Free-text object descriptions:

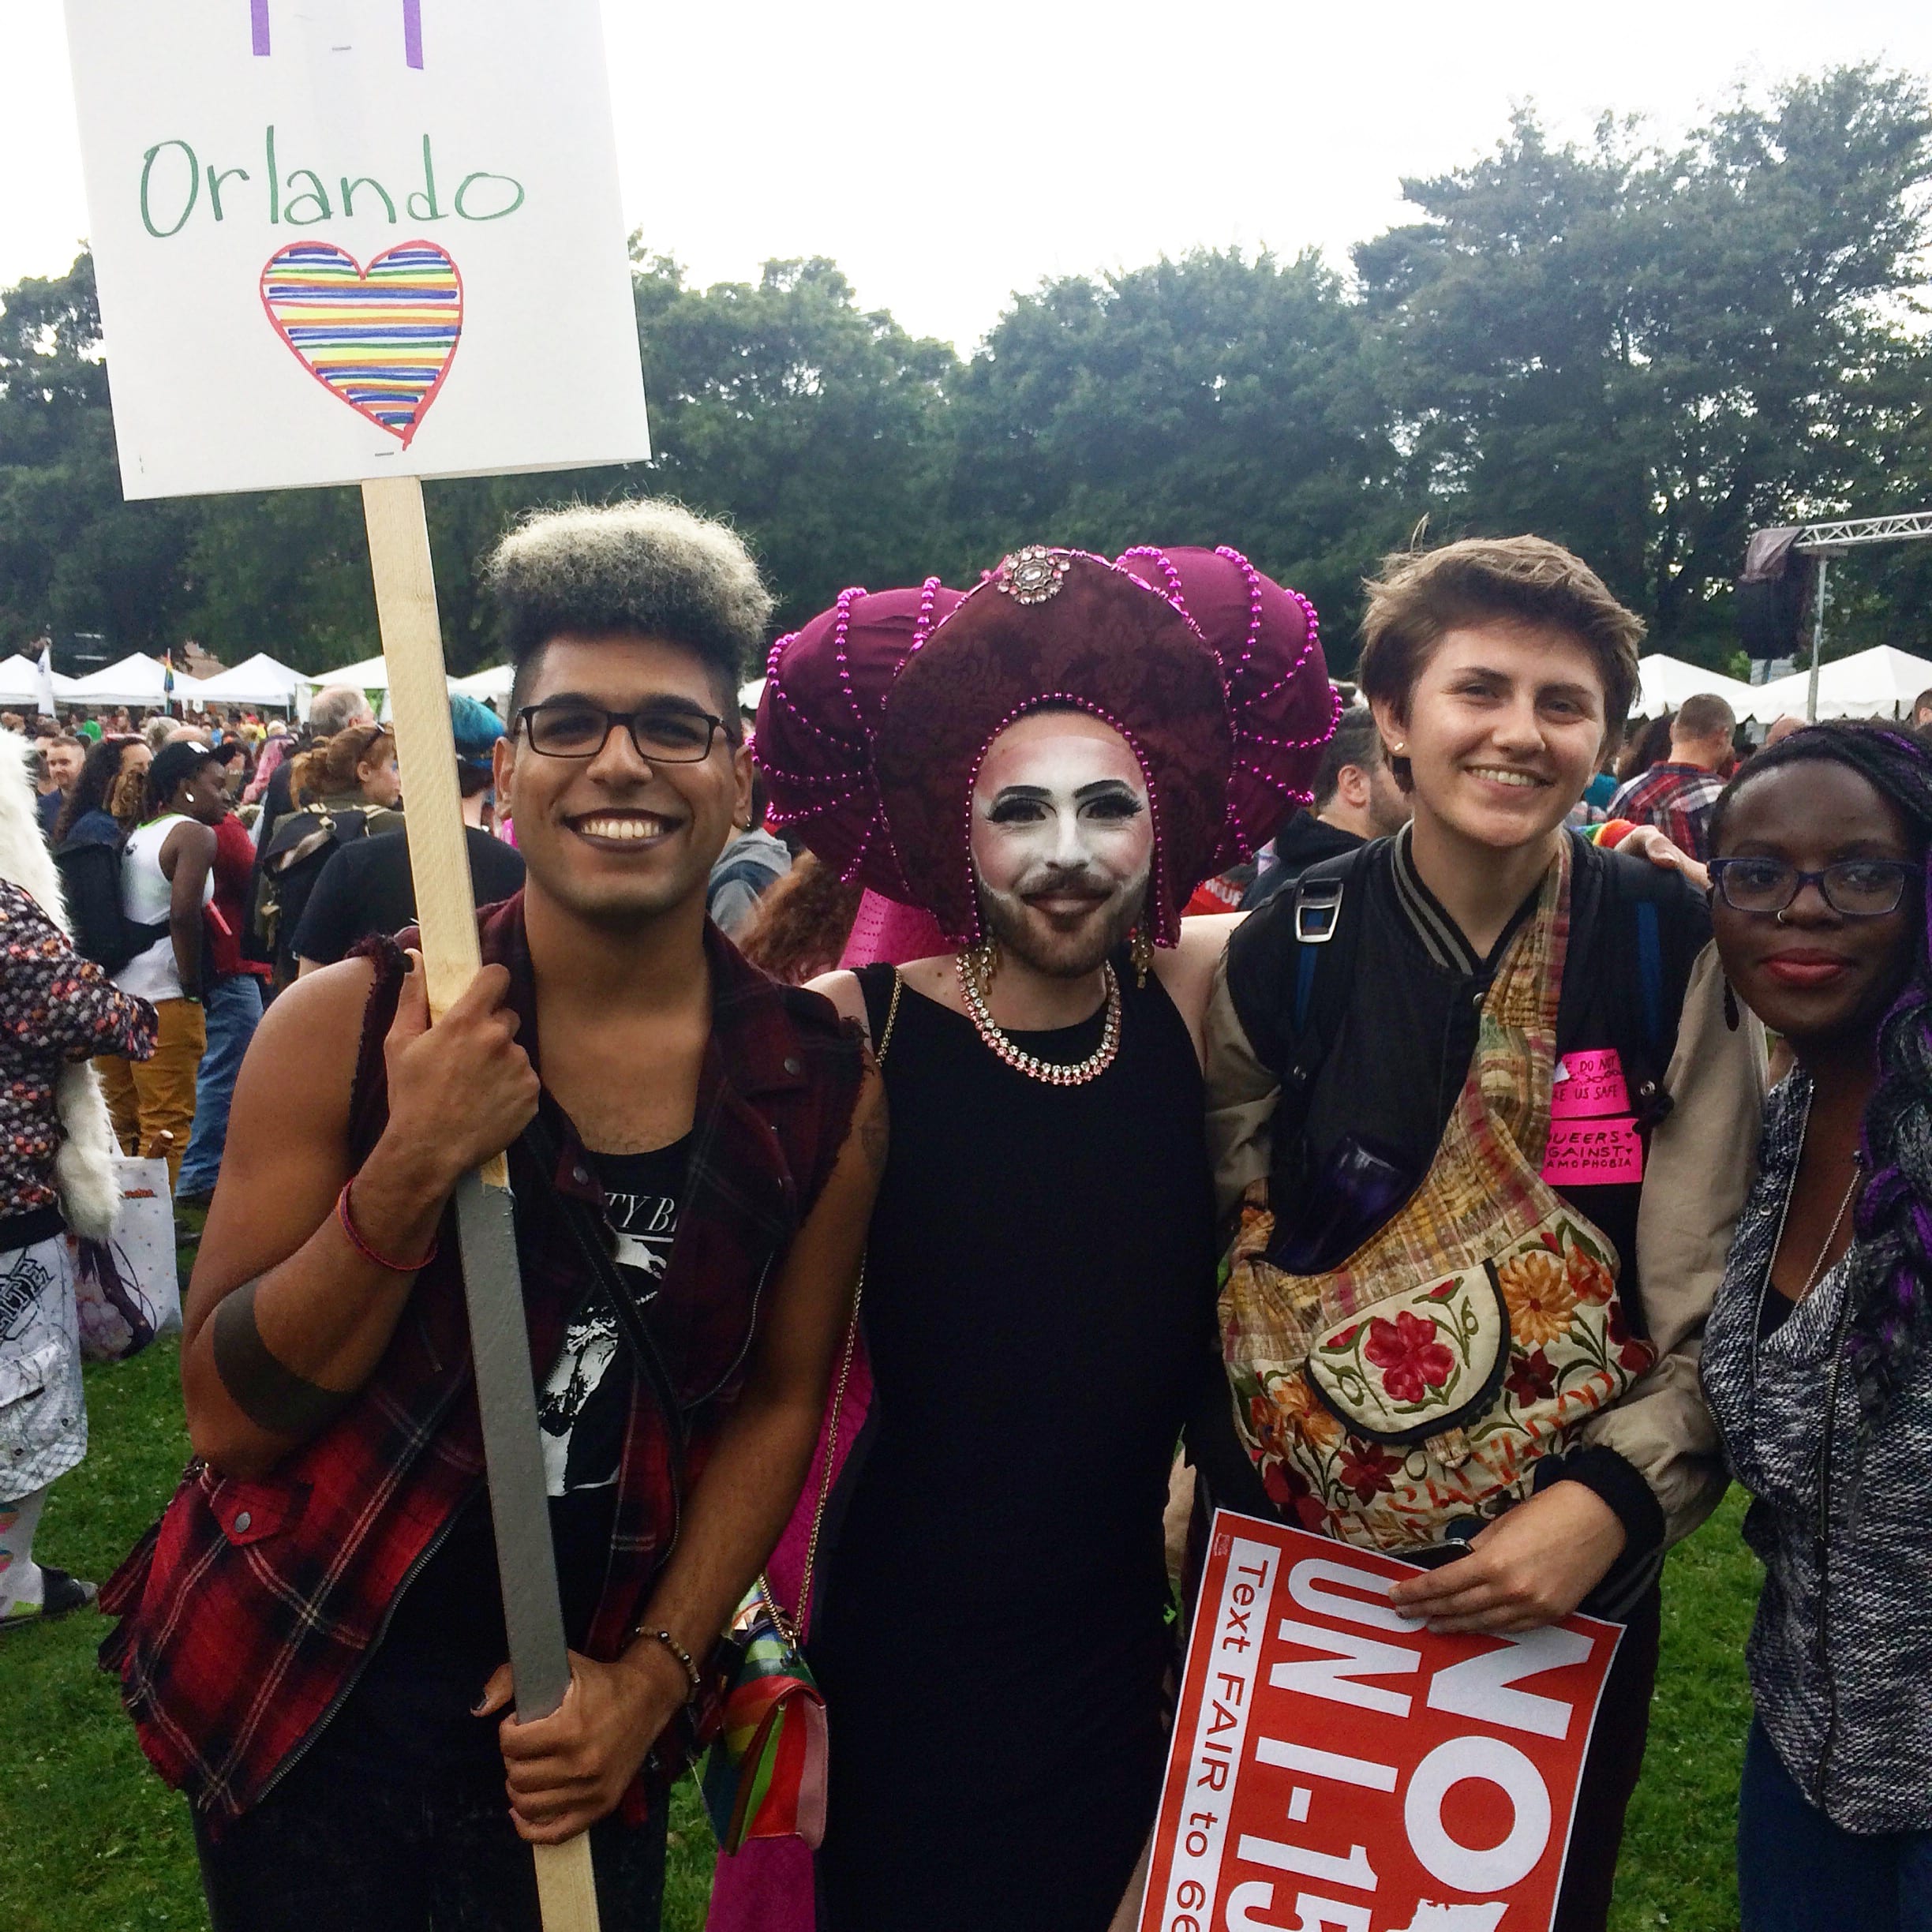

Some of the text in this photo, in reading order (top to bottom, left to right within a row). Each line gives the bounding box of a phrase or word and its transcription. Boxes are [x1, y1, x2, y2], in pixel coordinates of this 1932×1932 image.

[140, 125, 525, 238] Orlando
[1579, 1060, 1594, 1073] DO
[1574, 1087, 1589, 1099] US
[1593, 1084, 1618, 1100] SAFE
[1547, 1158, 1631, 1168] AMOPHOBIA
[1548, 1145, 1625, 1158] GAINST
[605, 1192, 652, 1229] TY
[1222, 1559, 1269, 1653] Text
[1197, 1672, 1246, 1792] FAIR
[1404, 1623, 1596, 1893] NO
[1185, 1811, 1219, 1858] to

Work required ▸ Copy the data exactly. Any picture it contains is to be omitted.

Answer box ▸
Some of the text in this photo, in reading order (top to bottom, left to right within a row). Each line gives the bounding box of a phrase or word and its transcription. Boxes are [x1, y1, x2, y2], in pixel coordinates of this 1932×1932 image.

[140, 125, 525, 238] Orlando
[1579, 1060, 1594, 1073] DO
[1574, 1087, 1589, 1099] US
[1593, 1084, 1618, 1100] SAFE
[1547, 1158, 1631, 1168] AMOPHOBIA
[1548, 1145, 1625, 1158] GAINST
[605, 1192, 652, 1229] TY
[1222, 1559, 1269, 1653] Text
[1197, 1672, 1246, 1792] FAIR
[1404, 1623, 1596, 1893] NO
[1185, 1811, 1219, 1858] to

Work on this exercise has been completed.